# Task objective:
Repeat the listing that follows exactly, please.

# Supplied material:
◇ ◇ ◇ ◇

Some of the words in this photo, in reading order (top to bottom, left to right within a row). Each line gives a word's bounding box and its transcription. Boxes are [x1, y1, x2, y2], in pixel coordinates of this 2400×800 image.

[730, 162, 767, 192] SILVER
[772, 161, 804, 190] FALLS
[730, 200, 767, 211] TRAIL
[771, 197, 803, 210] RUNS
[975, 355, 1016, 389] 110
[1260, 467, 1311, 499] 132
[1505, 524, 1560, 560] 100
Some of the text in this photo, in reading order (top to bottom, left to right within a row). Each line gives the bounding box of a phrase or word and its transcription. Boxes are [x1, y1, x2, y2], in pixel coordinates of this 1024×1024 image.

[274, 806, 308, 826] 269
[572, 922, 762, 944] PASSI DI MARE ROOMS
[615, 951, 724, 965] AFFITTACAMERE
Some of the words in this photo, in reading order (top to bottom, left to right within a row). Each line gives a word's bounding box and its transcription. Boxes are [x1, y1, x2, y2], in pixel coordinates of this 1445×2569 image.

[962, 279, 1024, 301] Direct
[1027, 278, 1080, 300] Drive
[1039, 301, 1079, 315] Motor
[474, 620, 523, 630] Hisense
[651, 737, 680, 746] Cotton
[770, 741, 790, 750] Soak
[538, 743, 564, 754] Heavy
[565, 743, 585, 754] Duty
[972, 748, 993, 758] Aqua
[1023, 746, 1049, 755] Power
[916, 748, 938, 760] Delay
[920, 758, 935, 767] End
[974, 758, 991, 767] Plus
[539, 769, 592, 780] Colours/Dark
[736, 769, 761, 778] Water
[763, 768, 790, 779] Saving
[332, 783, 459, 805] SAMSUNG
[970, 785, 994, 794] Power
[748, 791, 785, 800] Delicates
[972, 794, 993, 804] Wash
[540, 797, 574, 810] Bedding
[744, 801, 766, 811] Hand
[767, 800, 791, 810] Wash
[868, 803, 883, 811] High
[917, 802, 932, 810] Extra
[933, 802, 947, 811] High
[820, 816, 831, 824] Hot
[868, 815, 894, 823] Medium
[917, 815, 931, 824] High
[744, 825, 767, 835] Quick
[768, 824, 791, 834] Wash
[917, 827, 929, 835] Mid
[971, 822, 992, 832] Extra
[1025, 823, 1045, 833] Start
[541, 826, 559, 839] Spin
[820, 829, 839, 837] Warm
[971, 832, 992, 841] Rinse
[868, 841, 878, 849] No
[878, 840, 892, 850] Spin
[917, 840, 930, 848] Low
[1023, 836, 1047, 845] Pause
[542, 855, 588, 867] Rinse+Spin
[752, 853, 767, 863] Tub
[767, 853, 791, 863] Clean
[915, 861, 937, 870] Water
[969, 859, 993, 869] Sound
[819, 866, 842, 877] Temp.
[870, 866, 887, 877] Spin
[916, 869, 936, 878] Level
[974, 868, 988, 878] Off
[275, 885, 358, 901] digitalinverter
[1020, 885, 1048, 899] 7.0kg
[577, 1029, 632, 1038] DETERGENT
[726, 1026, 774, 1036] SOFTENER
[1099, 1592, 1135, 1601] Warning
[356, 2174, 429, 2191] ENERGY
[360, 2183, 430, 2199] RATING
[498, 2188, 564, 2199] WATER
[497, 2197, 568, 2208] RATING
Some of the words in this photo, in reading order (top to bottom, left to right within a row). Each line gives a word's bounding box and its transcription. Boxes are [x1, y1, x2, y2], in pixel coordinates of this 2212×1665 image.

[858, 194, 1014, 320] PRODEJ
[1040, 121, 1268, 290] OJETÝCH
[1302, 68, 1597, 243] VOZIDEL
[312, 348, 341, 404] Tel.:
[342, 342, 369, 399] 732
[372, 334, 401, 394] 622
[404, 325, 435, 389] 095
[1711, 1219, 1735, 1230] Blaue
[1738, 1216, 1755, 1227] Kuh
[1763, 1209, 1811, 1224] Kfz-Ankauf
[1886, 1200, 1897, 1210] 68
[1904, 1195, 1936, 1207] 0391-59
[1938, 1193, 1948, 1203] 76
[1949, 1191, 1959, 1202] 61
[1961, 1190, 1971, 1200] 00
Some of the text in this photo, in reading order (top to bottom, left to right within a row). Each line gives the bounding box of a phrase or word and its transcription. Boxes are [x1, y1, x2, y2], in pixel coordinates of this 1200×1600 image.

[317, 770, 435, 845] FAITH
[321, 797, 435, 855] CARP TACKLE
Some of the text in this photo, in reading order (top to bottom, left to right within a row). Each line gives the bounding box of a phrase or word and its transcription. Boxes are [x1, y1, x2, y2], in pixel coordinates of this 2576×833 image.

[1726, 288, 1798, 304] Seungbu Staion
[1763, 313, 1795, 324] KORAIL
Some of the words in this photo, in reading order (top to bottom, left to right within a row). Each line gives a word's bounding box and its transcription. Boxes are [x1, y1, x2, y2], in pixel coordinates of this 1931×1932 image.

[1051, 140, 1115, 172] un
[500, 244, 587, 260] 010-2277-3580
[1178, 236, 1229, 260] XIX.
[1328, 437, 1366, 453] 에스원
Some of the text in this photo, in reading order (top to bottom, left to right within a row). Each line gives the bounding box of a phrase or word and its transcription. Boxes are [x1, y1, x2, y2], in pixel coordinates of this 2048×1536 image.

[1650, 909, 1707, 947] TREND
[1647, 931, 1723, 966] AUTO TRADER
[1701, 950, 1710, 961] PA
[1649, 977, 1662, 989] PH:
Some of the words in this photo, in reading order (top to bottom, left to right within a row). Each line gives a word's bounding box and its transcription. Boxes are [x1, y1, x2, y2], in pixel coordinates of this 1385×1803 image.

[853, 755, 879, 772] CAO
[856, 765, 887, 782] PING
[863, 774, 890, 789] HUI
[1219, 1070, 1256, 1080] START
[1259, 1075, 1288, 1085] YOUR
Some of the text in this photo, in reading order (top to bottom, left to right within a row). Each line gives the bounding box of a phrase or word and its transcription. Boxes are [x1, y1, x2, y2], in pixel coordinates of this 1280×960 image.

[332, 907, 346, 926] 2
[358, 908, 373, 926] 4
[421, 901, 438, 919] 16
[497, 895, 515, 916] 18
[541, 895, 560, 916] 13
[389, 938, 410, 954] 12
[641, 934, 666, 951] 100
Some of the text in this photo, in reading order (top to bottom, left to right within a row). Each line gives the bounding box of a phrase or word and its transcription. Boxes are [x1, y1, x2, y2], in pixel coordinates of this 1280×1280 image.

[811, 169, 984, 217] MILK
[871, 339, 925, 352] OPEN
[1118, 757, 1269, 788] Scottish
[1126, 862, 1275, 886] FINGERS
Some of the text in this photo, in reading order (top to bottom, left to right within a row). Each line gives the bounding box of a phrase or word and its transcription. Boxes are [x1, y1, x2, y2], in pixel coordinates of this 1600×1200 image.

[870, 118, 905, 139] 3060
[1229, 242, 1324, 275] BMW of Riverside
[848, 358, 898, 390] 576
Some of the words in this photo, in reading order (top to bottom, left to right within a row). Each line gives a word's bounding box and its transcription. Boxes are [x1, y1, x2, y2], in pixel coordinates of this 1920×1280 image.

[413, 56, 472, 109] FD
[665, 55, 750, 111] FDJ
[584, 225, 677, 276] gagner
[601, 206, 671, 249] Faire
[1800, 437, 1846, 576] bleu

◇ ◇ ◇ ◇

# Expected answer:
Some of the words in this photo, in reading order (top to bottom, left to right within a row). Each line gives a word's bounding box and its transcription. Boxes are [x1, y1, x2, y2], in pixel coordinates of this 2400×800 image.

[730, 162, 767, 192] SILVER
[772, 161, 804, 190] FALLS
[730, 200, 767, 211] TRAIL
[771, 197, 803, 210] RUNS
[975, 355, 1016, 389] 110
[1260, 467, 1311, 499] 132
[1505, 524, 1560, 560] 100
Some of the text in this photo, in reading order (top to bottom, left to right within a row). Each line gives the bounding box of a phrase or word and its transcription. Boxes are [x1, y1, x2, y2], in pixel coordinates of this 1024×1024 image.

[274, 806, 308, 826] 269
[572, 922, 762, 944] PASSI DI MARE ROOMS
[615, 951, 724, 965] AFFITTACAMERE
Some of the words in this photo, in reading order (top to bottom, left to right within a row). Each line gives a word's bounding box and its transcription. Boxes are [x1, y1, x2, y2], in pixel coordinates of this 1445×2569 image.

[962, 279, 1024, 301] Direct
[1027, 278, 1080, 300] Drive
[1039, 301, 1079, 315] Motor
[474, 620, 523, 630] Hisense
[651, 737, 680, 746] Cotton
[770, 741, 790, 750] Soak
[538, 743, 564, 754] Heavy
[565, 743, 585, 754] Duty
[972, 748, 993, 758] Aqua
[1023, 746, 1049, 755] Power
[916, 748, 938, 760] Delay
[920, 758, 935, 767] End
[974, 758, 991, 767] Plus
[539, 769, 592, 780] Colours/Dark
[736, 769, 761, 778] Water
[763, 768, 790, 779] Saving
[332, 783, 459, 805] SAMSUNG
[970, 785, 994, 794] Power
[748, 791, 785, 800] Delicates
[972, 794, 993, 804] Wash
[540, 797, 574, 810] Bedding
[744, 801, 766, 811] Hand
[767, 800, 791, 810] Wash
[868, 803, 883, 811] High
[917, 802, 932, 810] Extra
[933, 802, 947, 811] High
[820, 816, 831, 824] Hot
[868, 815, 894, 823] Medium
[917, 815, 931, 824] High
[744, 825, 767, 835] Quick
[768, 824, 791, 834] Wash
[917, 827, 929, 835] Mid
[971, 822, 992, 832] Extra
[1025, 823, 1045, 833] Start
[541, 826, 559, 839] Spin
[820, 829, 839, 837] Warm
[971, 832, 992, 841] Rinse
[868, 841, 878, 849] No
[878, 840, 892, 850] Spin
[917, 840, 930, 848] Low
[1023, 836, 1047, 845] Pause
[542, 855, 588, 867] Rinse+Spin
[752, 853, 767, 863] Tub
[767, 853, 791, 863] Clean
[915, 861, 937, 870] Water
[969, 859, 993, 869] Sound
[819, 866, 842, 877] Temp.
[870, 866, 887, 877] Spin
[916, 869, 936, 878] Level
[974, 868, 988, 878] Off
[275, 885, 358, 901] digitalinverter
[1020, 885, 1048, 899] 7.0kg
[577, 1029, 632, 1038] DETERGENT
[726, 1026, 774, 1036] SOFTENER
[1099, 1592, 1135, 1601] Warning
[356, 2174, 429, 2191] ENERGY
[360, 2183, 430, 2199] RATING
[498, 2188, 564, 2199] WATER
[497, 2197, 568, 2208] RATING
Some of the words in this photo, in reading order (top to bottom, left to right within a row). Each line gives a word's bounding box and its transcription. Boxes are [x1, y1, x2, y2], in pixel coordinates of this 2212×1665 image.

[858, 194, 1014, 320] PRODEJ
[1040, 121, 1268, 290] OJETÝCH
[1302, 68, 1597, 243] VOZIDEL
[312, 348, 341, 404] Tel.:
[342, 342, 369, 399] 732
[372, 334, 401, 394] 622
[404, 325, 435, 389] 095
[1711, 1219, 1735, 1230] Blaue
[1738, 1216, 1755, 1227] Kuh
[1763, 1209, 1811, 1224] Kfz-Ankauf
[1886, 1200, 1897, 1210] 68
[1904, 1195, 1936, 1207] 0391-59
[1938, 1193, 1948, 1203] 76
[1949, 1191, 1959, 1202] 61
[1961, 1190, 1971, 1200] 00
Some of the text in this photo, in reading order (top to bottom, left to right within a row). Each line gives the bounding box of a phrase or word and its transcription. Boxes are [x1, y1, x2, y2], in pixel coordinates of this 1200×1600 image.

[317, 770, 435, 845] FAITH
[321, 797, 435, 855] CARP TACKLE
Some of the text in this photo, in reading order (top to bottom, left to right within a row). Each line gives the bounding box of a phrase or word and its transcription. Boxes are [x1, y1, x2, y2], in pixel coordinates of this 2576×833 image.

[1726, 288, 1798, 304] Seungbu Staion
[1763, 313, 1795, 324] KORAIL
Some of the words in this photo, in reading order (top to bottom, left to right within a row). Each line gives a word's bounding box and its transcription. Boxes are [x1, y1, x2, y2], in pixel coordinates of this 1931×1932 image.

[1051, 140, 1115, 172] un
[500, 244, 587, 260] 010-2277-3580
[1178, 236, 1229, 260] XIX.
[1328, 437, 1366, 453] 에스원
Some of the text in this photo, in reading order (top to bottom, left to right within a row). Each line gives the bounding box of a phrase or word and its transcription. Boxes are [x1, y1, x2, y2], in pixel coordinates of this 2048×1536 image.

[1650, 909, 1707, 947] TREND
[1647, 931, 1723, 966] AUTO TRADER
[1701, 950, 1710, 961] PA
[1649, 977, 1662, 989] PH:
Some of the words in this photo, in reading order (top to bottom, left to right within a row). Each line gives a word's bounding box and its transcription. Boxes are [x1, y1, x2, y2], in pixel coordinates of this 1385×1803 image.

[853, 755, 879, 772] CAO
[856, 765, 887, 782] PING
[863, 774, 890, 789] HUI
[1219, 1070, 1256, 1080] START
[1259, 1075, 1288, 1085] YOUR
Some of the text in this photo, in reading order (top to bottom, left to right within a row). Each line gives the bounding box of a phrase or word and its transcription. Boxes are [x1, y1, x2, y2], in pixel coordinates of this 1280×960 image.

[332, 907, 346, 926] 2
[358, 908, 373, 926] 4
[421, 901, 438, 919] 16
[497, 895, 515, 916] 18
[541, 895, 560, 916] 13
[389, 938, 410, 954] 12
[641, 934, 666, 951] 100
Some of the text in this photo, in reading order (top to bottom, left to right within a row). Each line gives the bounding box of a phrase or word and its transcription. Boxes are [x1, y1, x2, y2], in pixel coordinates of this 1280×1280 image.

[811, 169, 984, 217] MILK
[871, 339, 925, 352] OPEN
[1118, 757, 1269, 788] Scottish
[1126, 862, 1275, 886] FINGERS
Some of the text in this photo, in reading order (top to bottom, left to right within a row). Each line gives the bounding box of a phrase or word and its transcription. Boxes are [x1, y1, x2, y2], in pixel coordinates of this 1600×1200 image.

[870, 118, 905, 139] 3060
[1229, 242, 1324, 275] BMW of Riverside
[848, 358, 898, 390] 576
Some of the words in this photo, in reading order (top to bottom, left to right within a row). Each line gives a word's bounding box and its transcription. Boxes are [x1, y1, x2, y2], in pixel coordinates of this 1920×1280 image.

[413, 56, 472, 109] FD
[665, 55, 750, 111] FDJ
[584, 225, 677, 276] gagner
[601, 206, 671, 249] Faire
[1800, 437, 1846, 576] bleu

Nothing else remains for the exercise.